TASK BRIEF: The records must be retyped exactly, with no pictures included.

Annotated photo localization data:
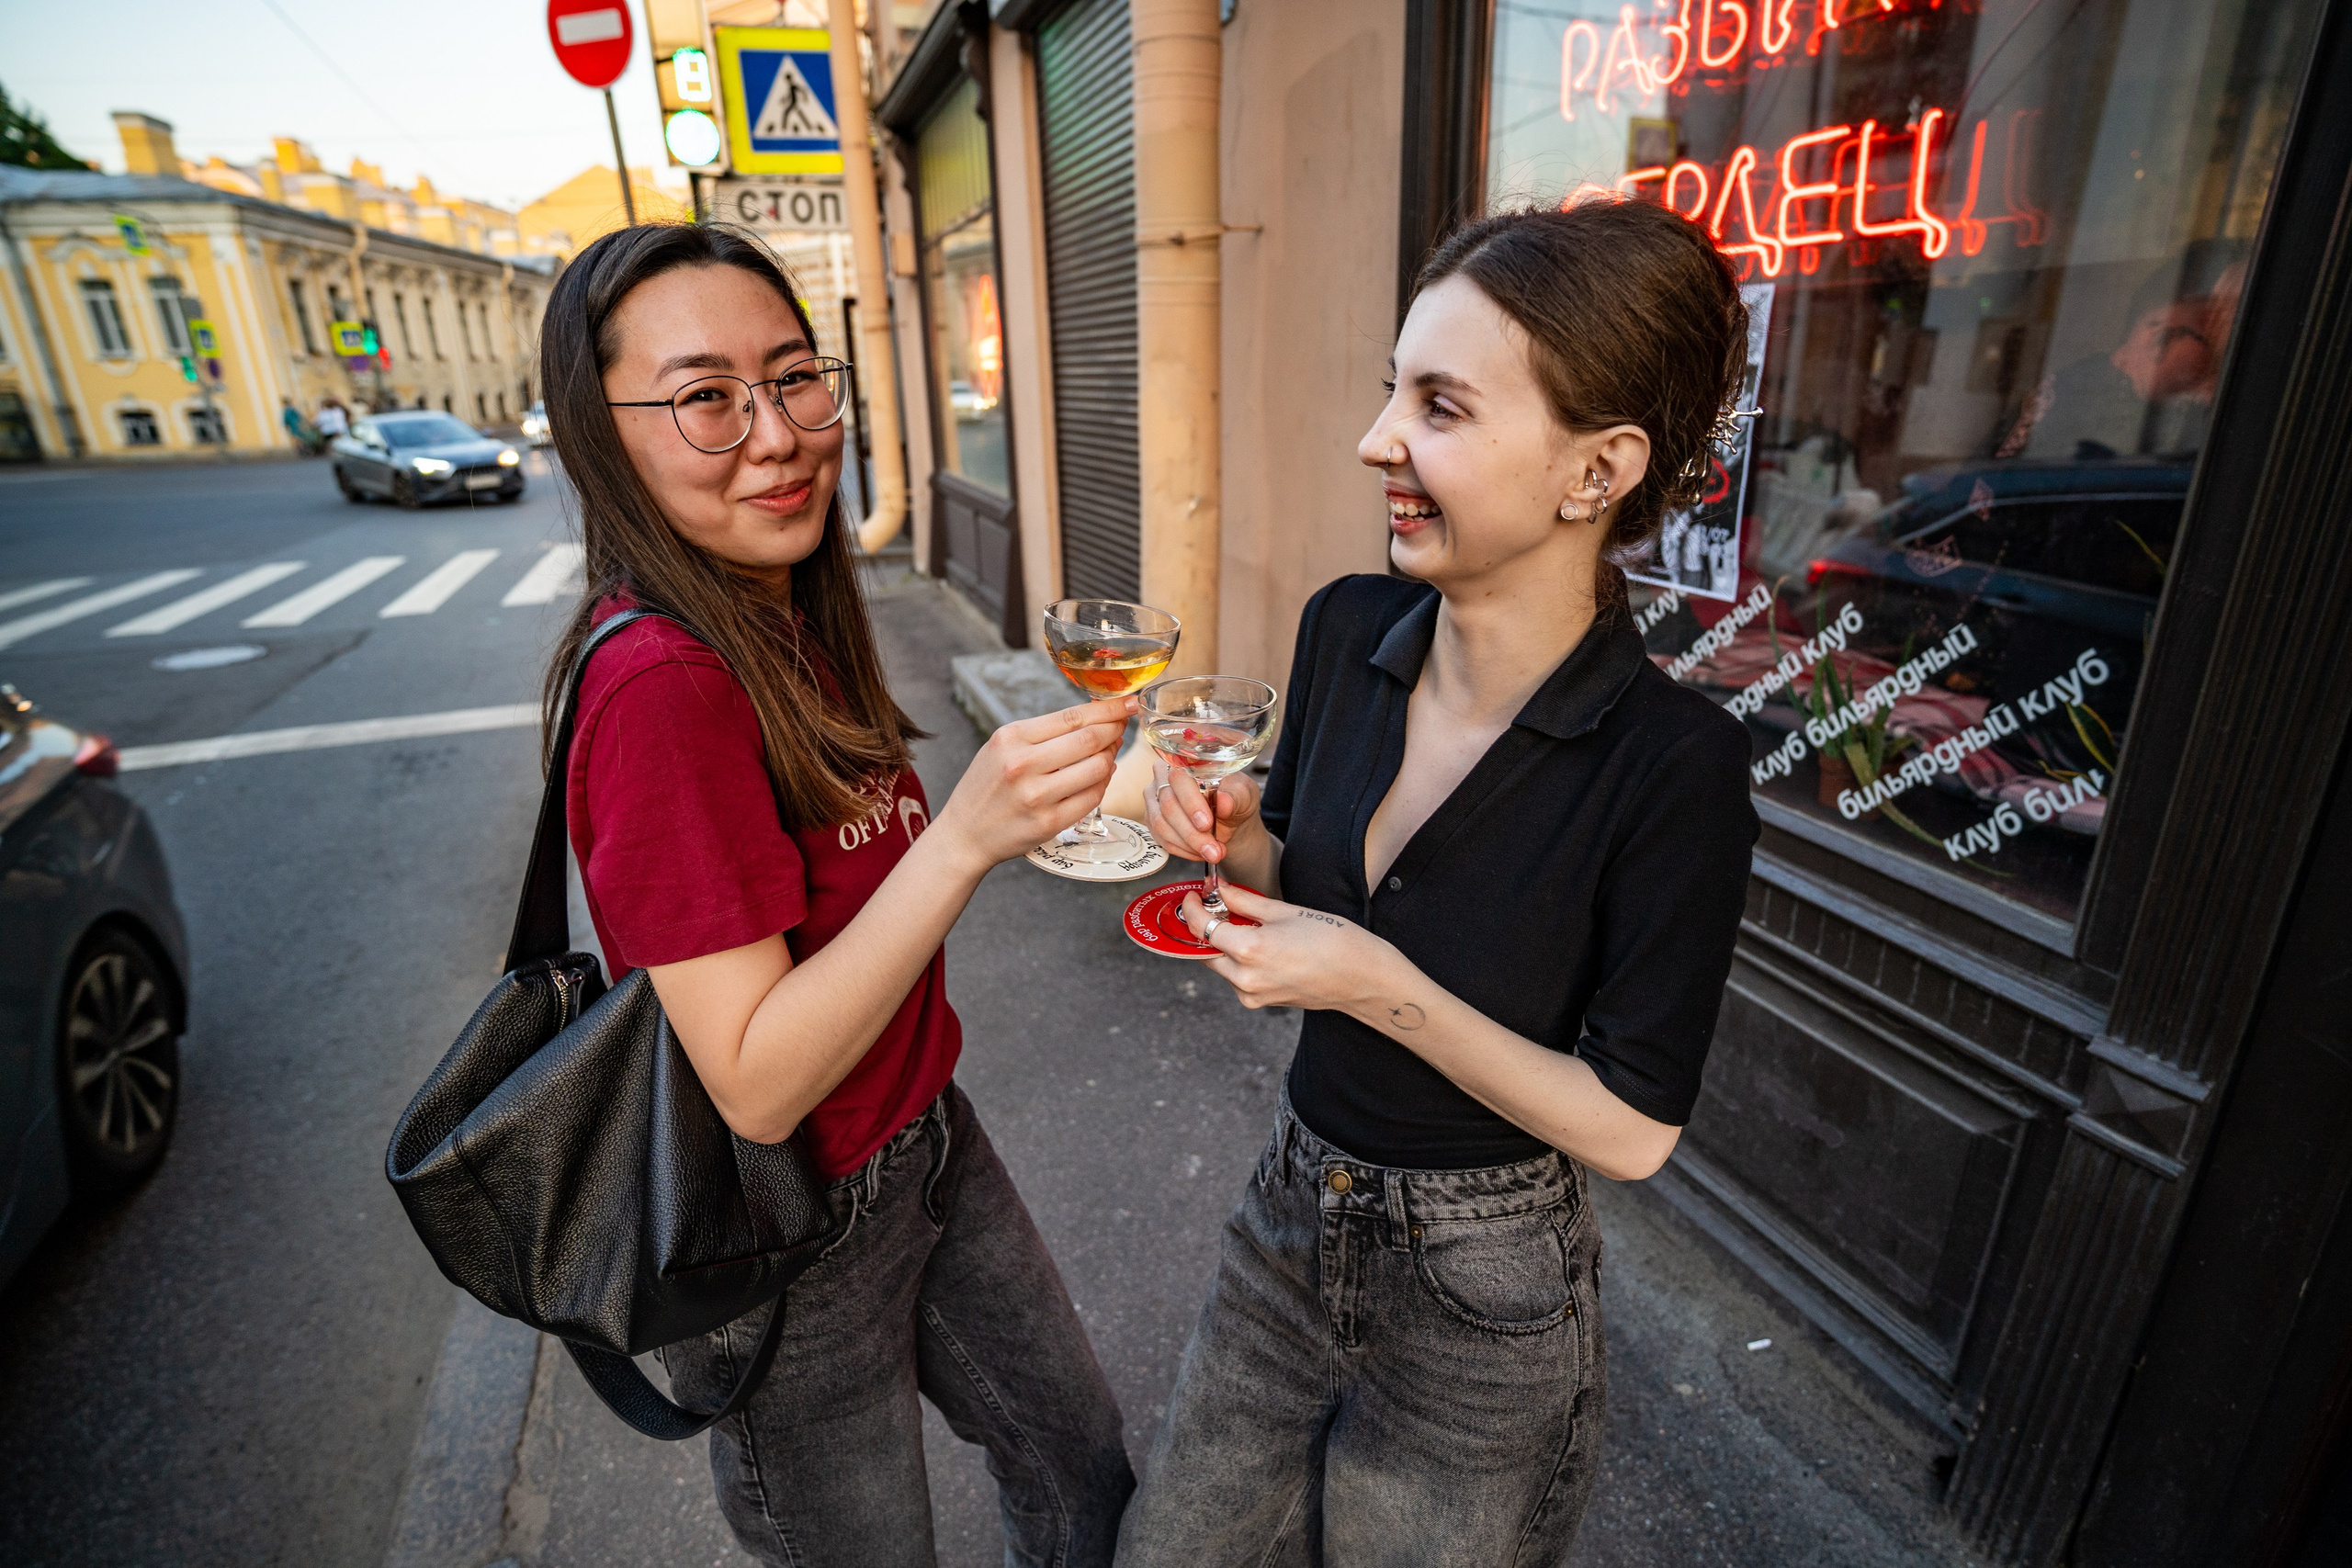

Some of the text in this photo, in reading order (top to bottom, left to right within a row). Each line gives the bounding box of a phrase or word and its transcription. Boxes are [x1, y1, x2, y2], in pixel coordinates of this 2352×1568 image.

[737, 189, 842, 224] СТОП
[1561, 107, 1949, 277] РДЕЦ
[1644, 588, 1688, 626] клу
[1663, 582, 1772, 682] ильярдный
[1801, 601, 1864, 665] клуб
[1750, 622, 1978, 785] клуб бильярдный
[1838, 648, 2110, 820] бильярдный клуб
[1942, 801, 2022, 861] клуб
[1128, 884, 1203, 942] бар разбитых сердец
[1297, 909, 1345, 929] ADORE

OUTPUT OF THE TASK:
Some of the text in this photo, in reading order (top to bottom, left to right within a row). Each line gives the bounding box of a phrase or word and its transcription. Boxes are [x1, y1, x2, y2], in pixel coordinates of this 2352×1568 image.

[737, 189, 842, 224] СТОП
[1561, 107, 1949, 277] РДЕЦ
[1644, 588, 1688, 626] клу
[1663, 582, 1772, 682] ильярдный
[1801, 601, 1864, 665] клуб
[1750, 622, 1978, 785] клуб бильярдный
[1838, 648, 2110, 820] бильярдный клуб
[1942, 801, 2022, 861] клуб
[1128, 884, 1203, 942] бар разбитых сердец
[1297, 909, 1345, 929] ADORE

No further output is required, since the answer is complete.